No one clearly delineated mechanism defines how biliary obstruction specifically predisposes one to infectious complications. One theory suggests that Kupffer cell metabolism is diminished in the presence of biliary obstruction. This leads to bacterial overgrowth with inability of the existing Kupffer cells to clear the bacteria and bacterial products adequately. Bacteria can then translocate to the systemic circulation through the hepatic–sinusoid tight junctions. In addition, IgA production is limited by biliary obstruction. Clinically, the presence of bacteria in the biliary tree does not translate into cholangitis, but the combination of biliary obstruction and increased pressure in the biliary system determines a cascade of events that can often lead to acute cholangitis.
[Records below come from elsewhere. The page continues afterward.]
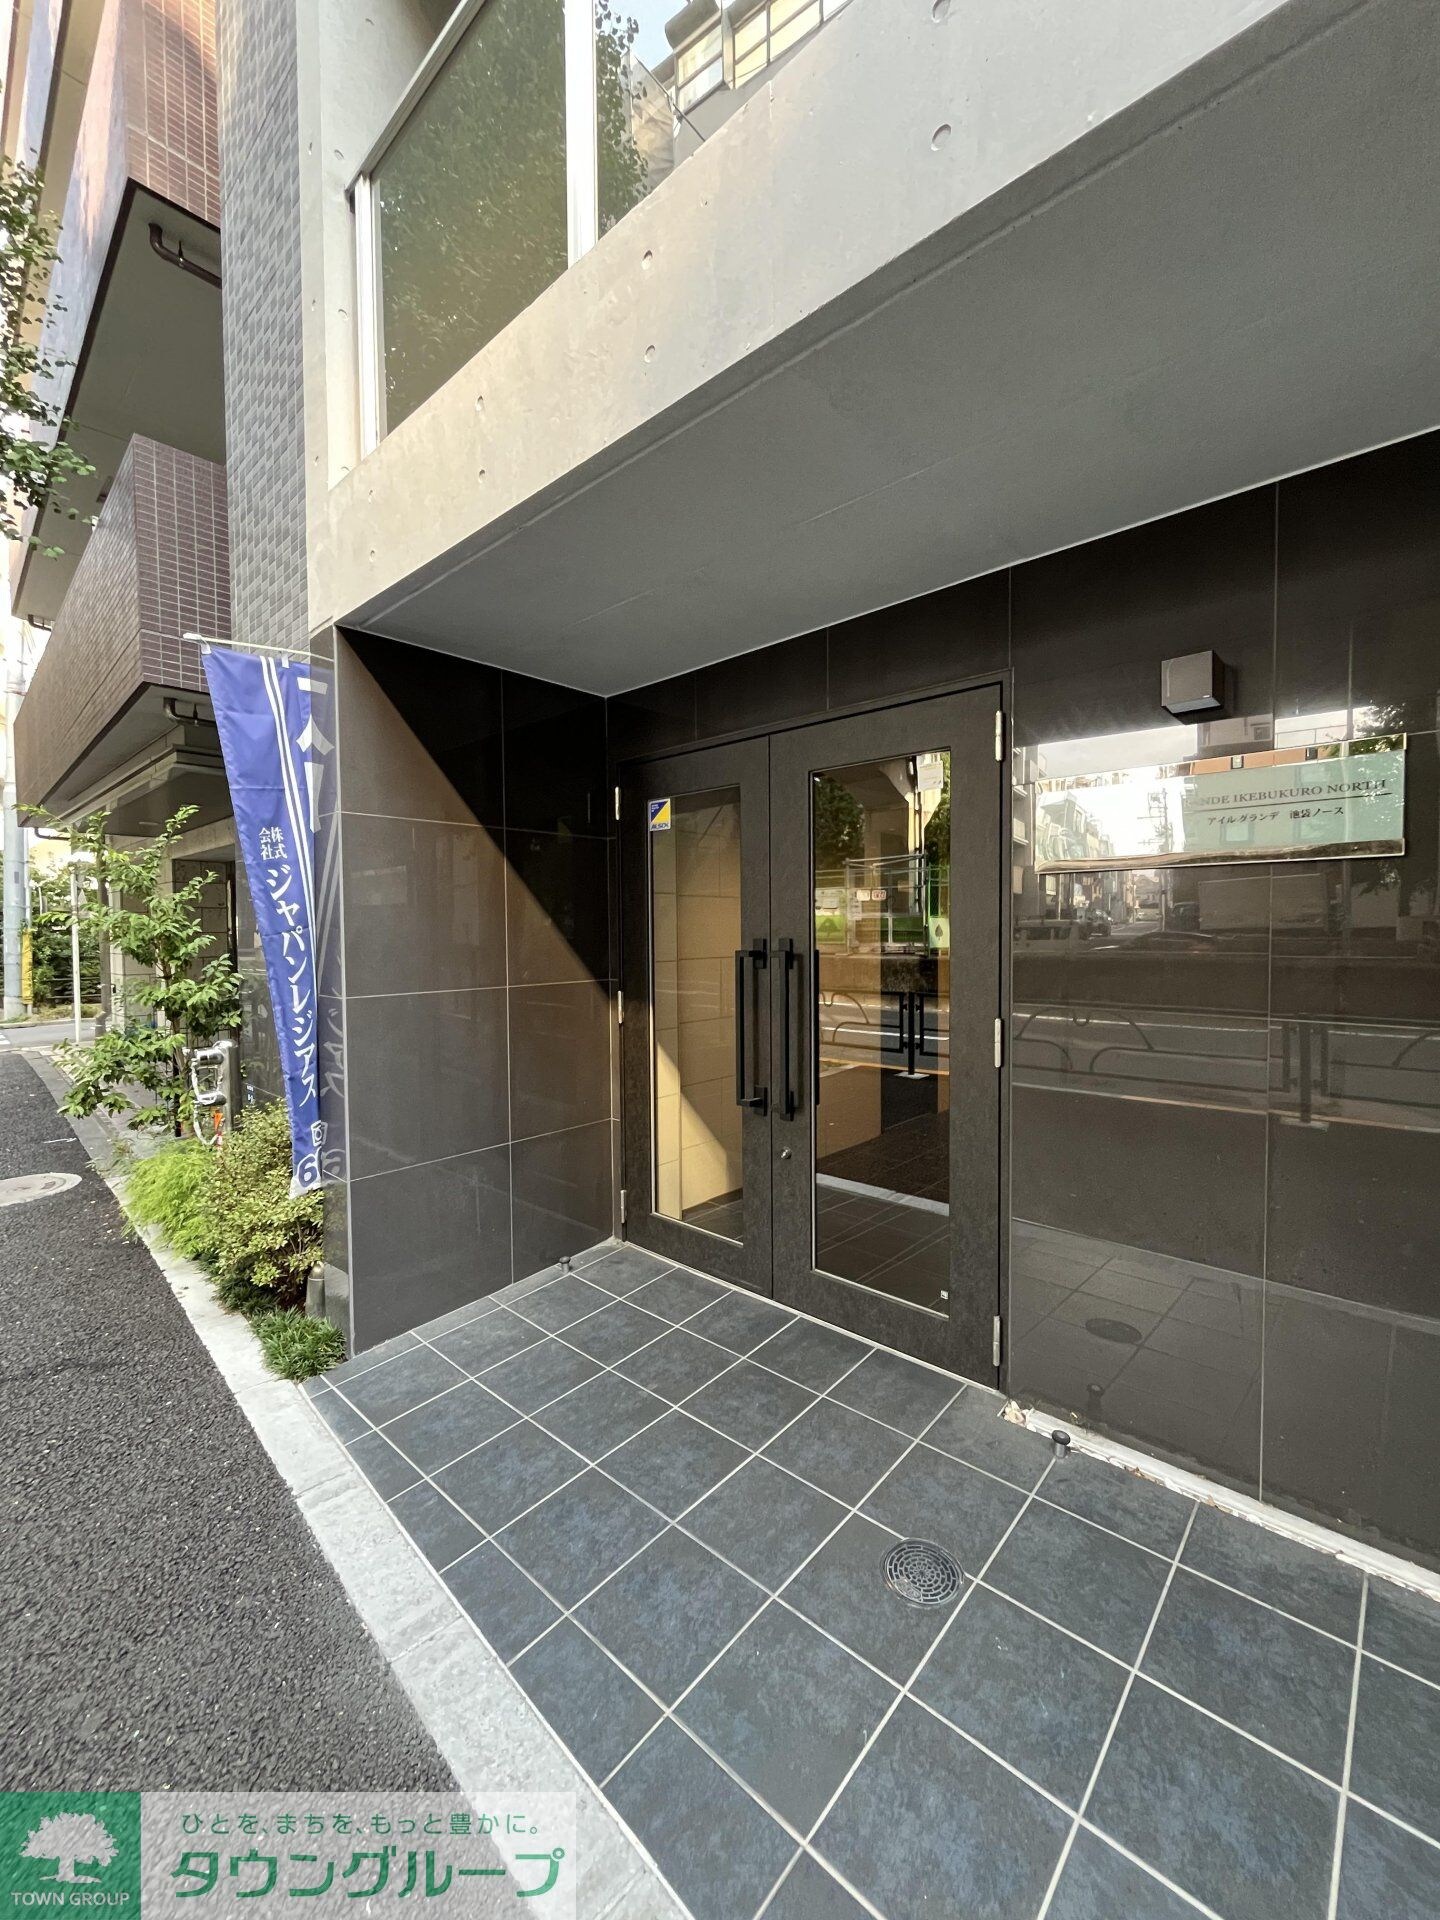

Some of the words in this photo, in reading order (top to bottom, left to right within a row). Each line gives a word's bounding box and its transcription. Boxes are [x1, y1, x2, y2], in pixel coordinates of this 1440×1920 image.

[1234, 786, 1323, 802] IKEBUKURO
[1327, 779, 1387, 794] NORTH
[1208, 811, 1279, 826] アイルグランデ
[1290, 806, 1344, 820] 池袋ノース
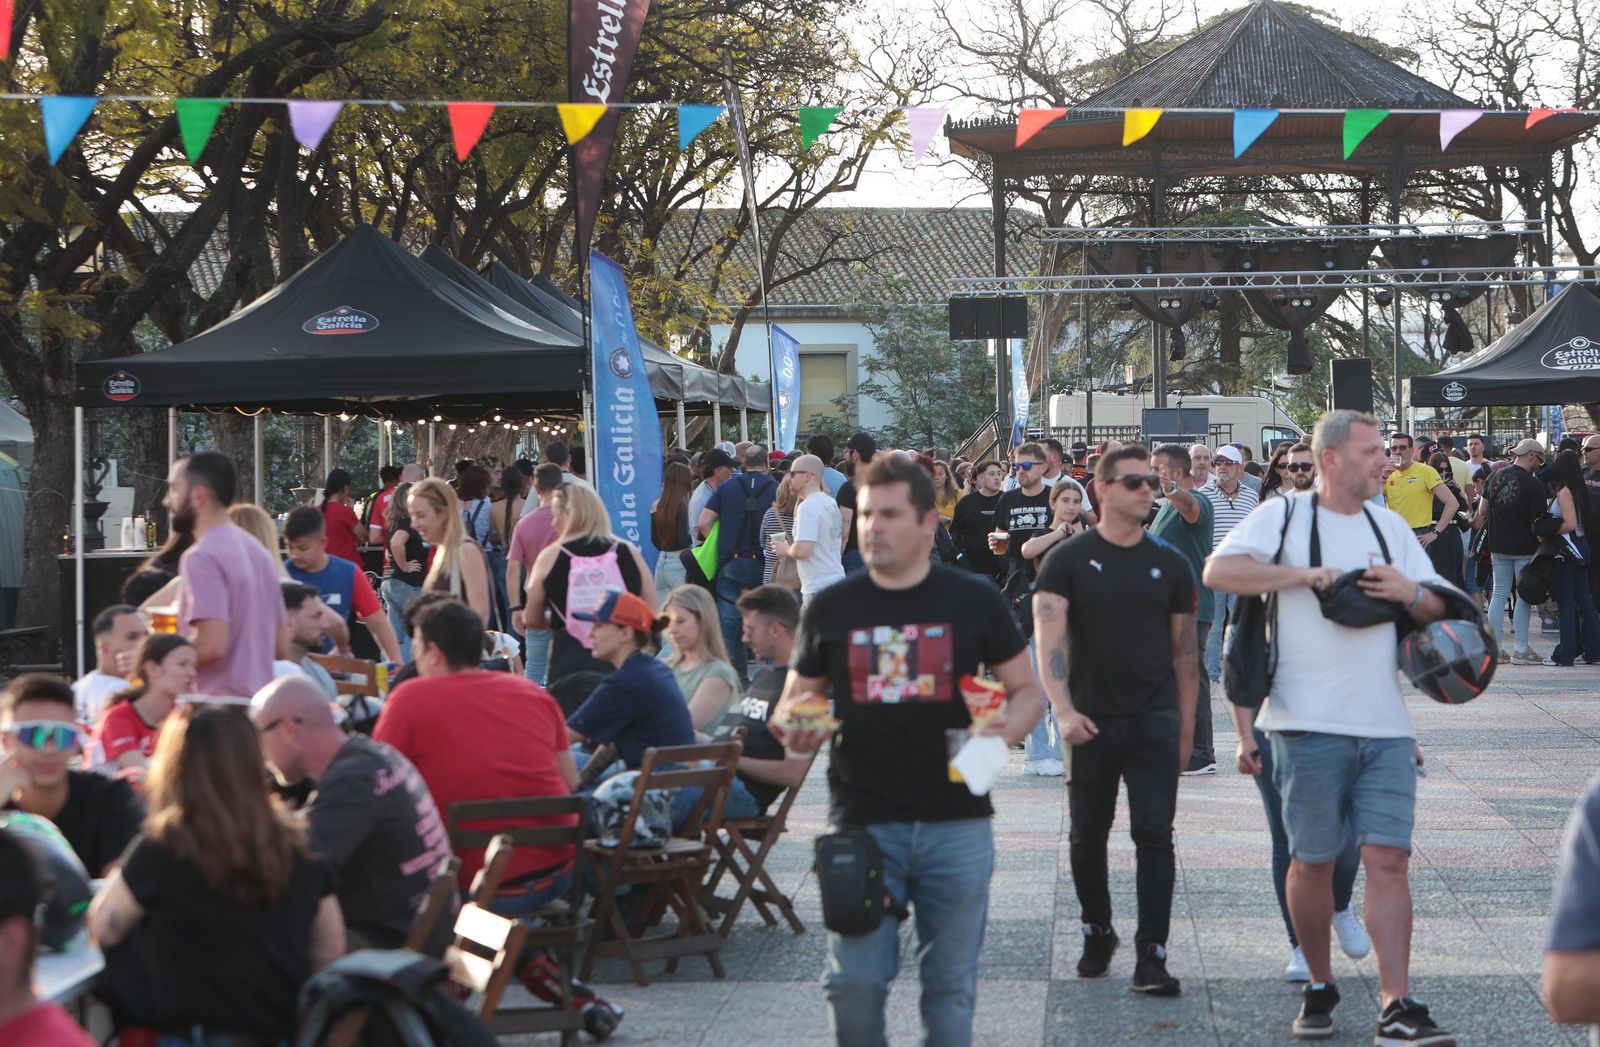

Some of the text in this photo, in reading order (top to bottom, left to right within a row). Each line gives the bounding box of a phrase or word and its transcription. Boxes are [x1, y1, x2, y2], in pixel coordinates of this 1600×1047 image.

[316, 314, 368, 325] Estrella
[316, 322, 363, 330] Galicia
[1554, 348, 1600, 360] Estrell
[1556, 356, 1600, 366] Galici
[610, 386, 636, 486] Galicia
[1428, 443, 1439, 453] 93
[618, 491, 642, 553] ella
INFECTIONS IN BILIARY SURGERY
Human bile is typically sterile but may become infected in the presence of gallbladder and common bile duct stones or intrinsic or extrinsic inflammatory or neoplastic diseases leading to obstruction. The pathophysiology of infection is due either to translocation of intestinal pathogens via the portal system or more commonly due to biliary intervention with incomplete drainage. Any invasive endoscopic, radiologic, or surgical procedure on the hepatobiliary system interferes with the usual host defense mechanism, and the introduction of an indwelling biliary stent through any means constitutes a foreign body within the biliary system. Biliary–enteric anastomosis, sphincterotomy and sphincteroplasty, disruption of blood supply either locally to the liver and biliary tree or systemically (shock), blood transfusions, and the immune status of the patient are all additional important contributors to the development of an ascending biliary infection.